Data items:
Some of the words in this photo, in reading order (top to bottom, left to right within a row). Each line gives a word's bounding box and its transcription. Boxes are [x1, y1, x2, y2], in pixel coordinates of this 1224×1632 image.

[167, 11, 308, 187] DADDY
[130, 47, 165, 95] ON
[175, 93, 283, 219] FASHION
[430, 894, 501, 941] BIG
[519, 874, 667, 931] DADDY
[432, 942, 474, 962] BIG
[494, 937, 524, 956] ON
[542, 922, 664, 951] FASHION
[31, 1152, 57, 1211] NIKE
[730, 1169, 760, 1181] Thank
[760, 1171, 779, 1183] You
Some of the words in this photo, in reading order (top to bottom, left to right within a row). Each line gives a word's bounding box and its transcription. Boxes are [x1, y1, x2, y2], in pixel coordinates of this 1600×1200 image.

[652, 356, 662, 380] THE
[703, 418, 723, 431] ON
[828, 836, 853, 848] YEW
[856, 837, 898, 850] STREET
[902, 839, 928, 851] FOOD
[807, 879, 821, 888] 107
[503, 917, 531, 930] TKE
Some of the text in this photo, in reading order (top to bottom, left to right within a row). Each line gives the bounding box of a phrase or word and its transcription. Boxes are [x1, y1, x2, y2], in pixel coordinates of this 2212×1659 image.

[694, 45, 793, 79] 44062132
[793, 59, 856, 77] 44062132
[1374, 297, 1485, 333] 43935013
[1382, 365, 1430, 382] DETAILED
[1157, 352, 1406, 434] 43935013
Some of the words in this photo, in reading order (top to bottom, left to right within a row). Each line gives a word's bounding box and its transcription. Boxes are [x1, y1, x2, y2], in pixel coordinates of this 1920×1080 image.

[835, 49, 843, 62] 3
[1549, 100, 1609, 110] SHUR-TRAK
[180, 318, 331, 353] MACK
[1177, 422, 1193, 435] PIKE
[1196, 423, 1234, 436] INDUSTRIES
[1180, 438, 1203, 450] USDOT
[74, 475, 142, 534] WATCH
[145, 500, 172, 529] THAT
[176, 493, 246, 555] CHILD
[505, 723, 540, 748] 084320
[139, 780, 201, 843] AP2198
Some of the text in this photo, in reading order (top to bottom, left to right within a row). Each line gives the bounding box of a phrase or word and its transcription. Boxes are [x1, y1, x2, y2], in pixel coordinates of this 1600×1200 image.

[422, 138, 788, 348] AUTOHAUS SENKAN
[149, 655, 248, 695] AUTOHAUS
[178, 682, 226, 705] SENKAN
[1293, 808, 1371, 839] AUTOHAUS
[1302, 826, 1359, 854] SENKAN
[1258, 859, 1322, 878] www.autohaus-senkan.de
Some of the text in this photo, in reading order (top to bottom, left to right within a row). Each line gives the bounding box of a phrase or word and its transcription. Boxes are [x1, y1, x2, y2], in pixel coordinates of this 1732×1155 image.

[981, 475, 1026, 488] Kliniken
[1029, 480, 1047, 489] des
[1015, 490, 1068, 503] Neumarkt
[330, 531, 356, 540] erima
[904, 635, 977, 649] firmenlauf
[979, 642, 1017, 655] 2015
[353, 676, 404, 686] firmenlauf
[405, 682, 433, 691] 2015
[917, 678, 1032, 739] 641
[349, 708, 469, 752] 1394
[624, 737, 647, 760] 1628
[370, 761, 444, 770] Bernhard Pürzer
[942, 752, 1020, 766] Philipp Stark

[TASK INSTRUCTIONS] What you should produce is an exact retyping of every line above.

[SOLUTION TO THIS TASK]
Some of the words in this photo, in reading order (top to bottom, left to right within a row). Each line gives a word's bounding box and its transcription. Boxes are [x1, y1, x2, y2], in pixel coordinates of this 1224×1632 image.

[167, 11, 308, 187] DADDY
[130, 47, 165, 95] ON
[175, 93, 283, 219] FASHION
[430, 894, 501, 941] BIG
[519, 874, 667, 931] DADDY
[432, 942, 474, 962] BIG
[494, 937, 524, 956] ON
[542, 922, 664, 951] FASHION
[31, 1152, 57, 1211] NIKE
[730, 1169, 760, 1181] Thank
[760, 1171, 779, 1183] You
Some of the words in this photo, in reading order (top to bottom, left to right within a row). Each line gives a word's bounding box and its transcription. Boxes are [x1, y1, x2, y2], in pixel coordinates of this 1600×1200 image.

[652, 356, 662, 380] THE
[703, 418, 723, 431] ON
[828, 836, 853, 848] YEW
[856, 837, 898, 850] STREET
[902, 839, 928, 851] FOOD
[807, 879, 821, 888] 107
[503, 917, 531, 930] TKE
Some of the text in this photo, in reading order (top to bottom, left to right within a row). Each line gives the bounding box of a phrase or word and its transcription. Boxes are [x1, y1, x2, y2], in pixel coordinates of this 2212×1659 image.

[694, 45, 793, 79] 44062132
[793, 59, 856, 77] 44062132
[1374, 297, 1485, 333] 43935013
[1382, 365, 1430, 382] DETAILED
[1157, 352, 1406, 434] 43935013
Some of the words in this photo, in reading order (top to bottom, left to right within a row). Each line gives a word's bounding box and its transcription. Boxes are [x1, y1, x2, y2], in pixel coordinates of this 1920×1080 image.

[835, 49, 843, 62] 3
[1549, 100, 1609, 110] SHUR-TRAK
[180, 318, 331, 353] MACK
[1177, 422, 1193, 435] PIKE
[1196, 423, 1234, 436] INDUSTRIES
[1180, 438, 1203, 450] USDOT
[74, 475, 142, 534] WATCH
[145, 500, 172, 529] THAT
[176, 493, 246, 555] CHILD
[505, 723, 540, 748] 084320
[139, 780, 201, 843] AP2198
Some of the text in this photo, in reading order (top to bottom, left to right within a row). Each line gives the bounding box of a phrase or word and its transcription. Boxes are [x1, y1, x2, y2], in pixel coordinates of this 1600×1200 image.

[422, 138, 788, 348] AUTOHAUS SENKAN
[149, 655, 248, 695] AUTOHAUS
[178, 682, 226, 705] SENKAN
[1293, 808, 1371, 839] AUTOHAUS
[1302, 826, 1359, 854] SENKAN
[1258, 859, 1322, 878] www.autohaus-senkan.de
Some of the text in this photo, in reading order (top to bottom, left to right within a row). Each line gives the bounding box of a phrase or word and its transcription. Boxes are [x1, y1, x2, y2], in pixel coordinates of this 1732×1155 image.

[981, 475, 1026, 488] Kliniken
[1029, 480, 1047, 489] des
[1015, 490, 1068, 503] Neumarkt
[330, 531, 356, 540] erima
[904, 635, 977, 649] firmenlauf
[979, 642, 1017, 655] 2015
[353, 676, 404, 686] firmenlauf
[405, 682, 433, 691] 2015
[917, 678, 1032, 739] 641
[349, 708, 469, 752] 1394
[624, 737, 647, 760] 1628
[370, 761, 444, 770] Bernhard Pürzer
[942, 752, 1020, 766] Philipp Stark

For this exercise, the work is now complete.